The most common oxygen source for reoxidation is
the exposure of the free melt surface to air during
teeming. An important factor is a proper shrouding of
the steel when being poured from the ladle.
Nevertheless, it is of decisive importance to take care
of the flow of liquid steel in the runner system and
inside the mould. In many cases, the flow is highly
turbulent and the steel melt enters the mould through
the nozzle with a high velocity. Particularly at the
beginning of the teaming process, this can lead to
heavy splashing.
With casting process simulation, the flow during
teeming for a combination of parameters like runners
and nozzle geometries, teeming rates and
temperatures, etc. can be investigated. Potential
actions for process optimization can be investigated
virtually. Particles can be monitored during the filling
process and during their movement caused by
convective flow during solidification. The formation,
growth and agglomeration of reoxidation particles
can be followed. Thus, a proper prediction of
steel cleanliness for the cast product is possible.

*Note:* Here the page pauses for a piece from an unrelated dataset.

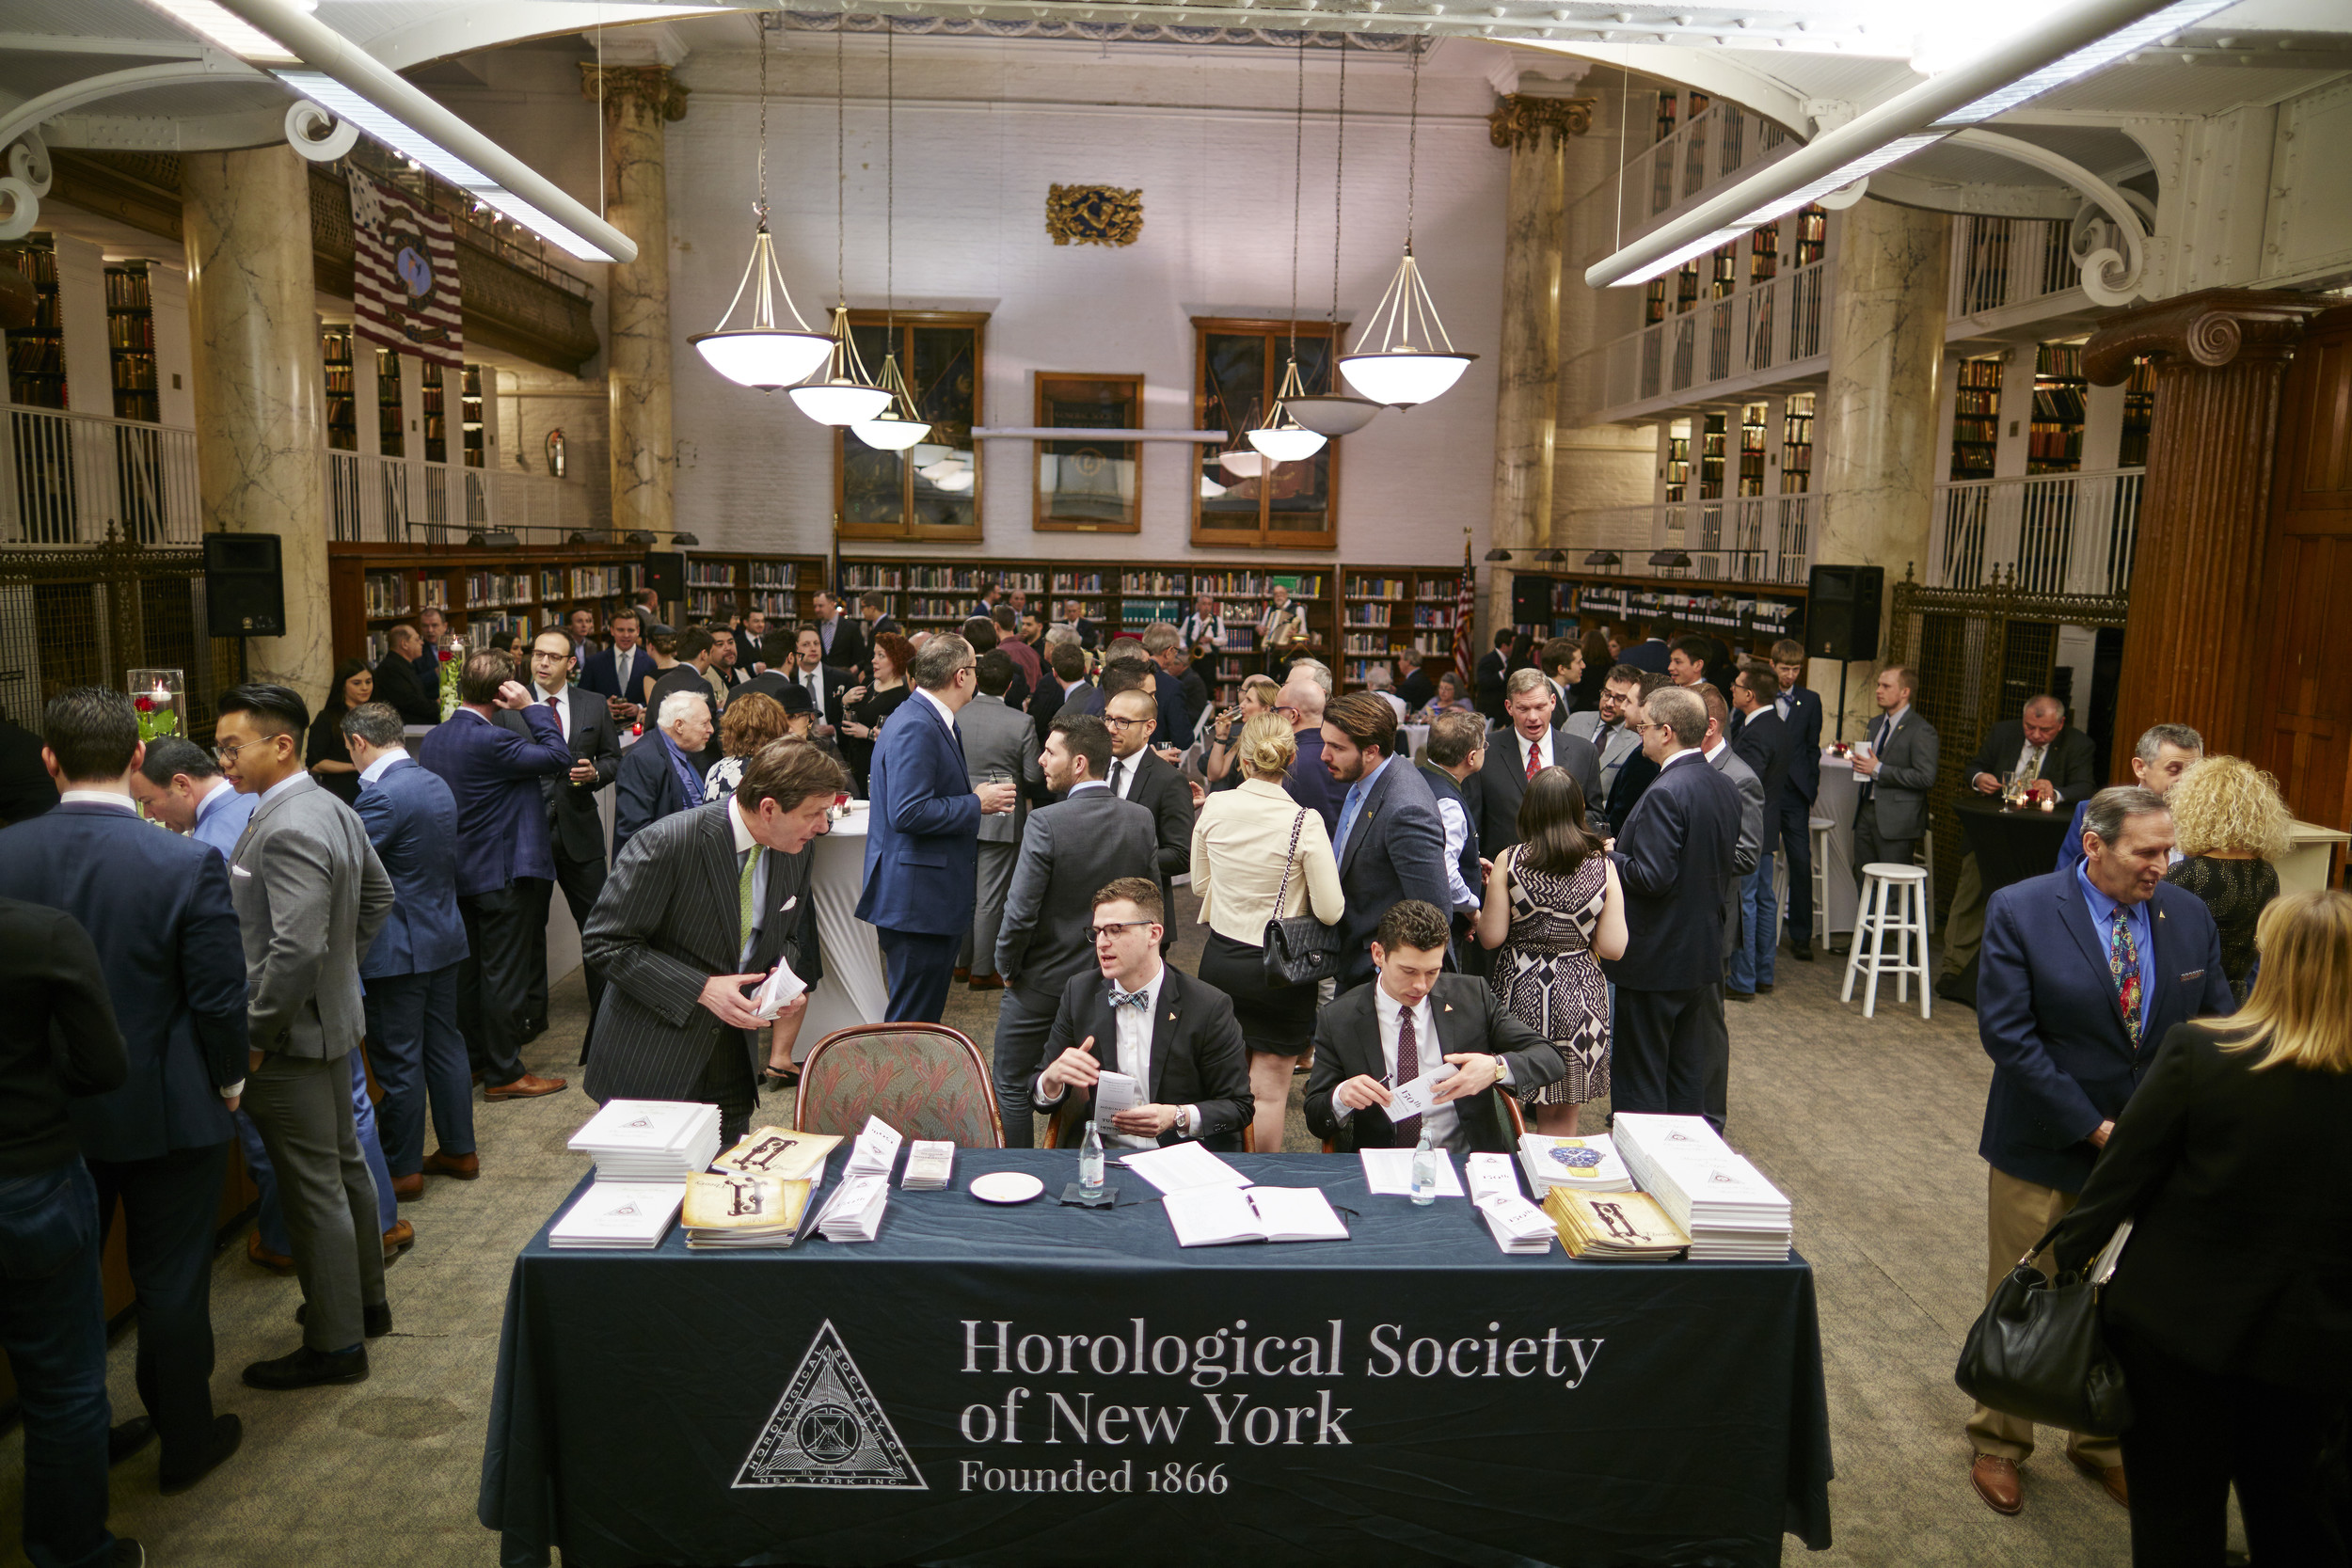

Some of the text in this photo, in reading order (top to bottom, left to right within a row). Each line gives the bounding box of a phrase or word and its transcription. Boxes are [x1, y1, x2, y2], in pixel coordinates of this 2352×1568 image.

A properly designed casting process should reduce
the number of inclusions, particularly of large ones,
inside the solidified cast ingot. The majority of
inclusions should float up into the top slag. The
information about which kind of inevitable inclusions
are to be expected at which position of the block
should be transferred to the deformation simulation.
Cracks
During cooling, residual stresses build up in the
different layers of the solidifying ingot. The stress
development strongly depends on the heat transport
properties of the steel and the cooling rate. If the
already solidified outer shell cools down and thus
shrinks rapidly in comparison to the inner area,
cracks can occur. In order to prevent these cracks,
there is a need to properly control the cooling rate
and/or for a hot transfer to the deformation (forging or
rolling) process.
The stresses that are built up in the ingot and also in
the mould can be simulated. By comparison of these
stresses with the known material properties, it is
possible to predict cracks that are initiated during
casting. Based on further information from
solidification, the simulation can also identify regions
in danger of hot tearing. It is very advantageous for
the optimization of the forged product to transfer
information about cracks potentially formed during
casting to the forging simulation.
Reference: I. Hahn, M. Schneider, J. Terhaar, J. Jarolimeck, R. Sauermann, Quality Prediction of Cast Ingots, MagmaSoft, 2012.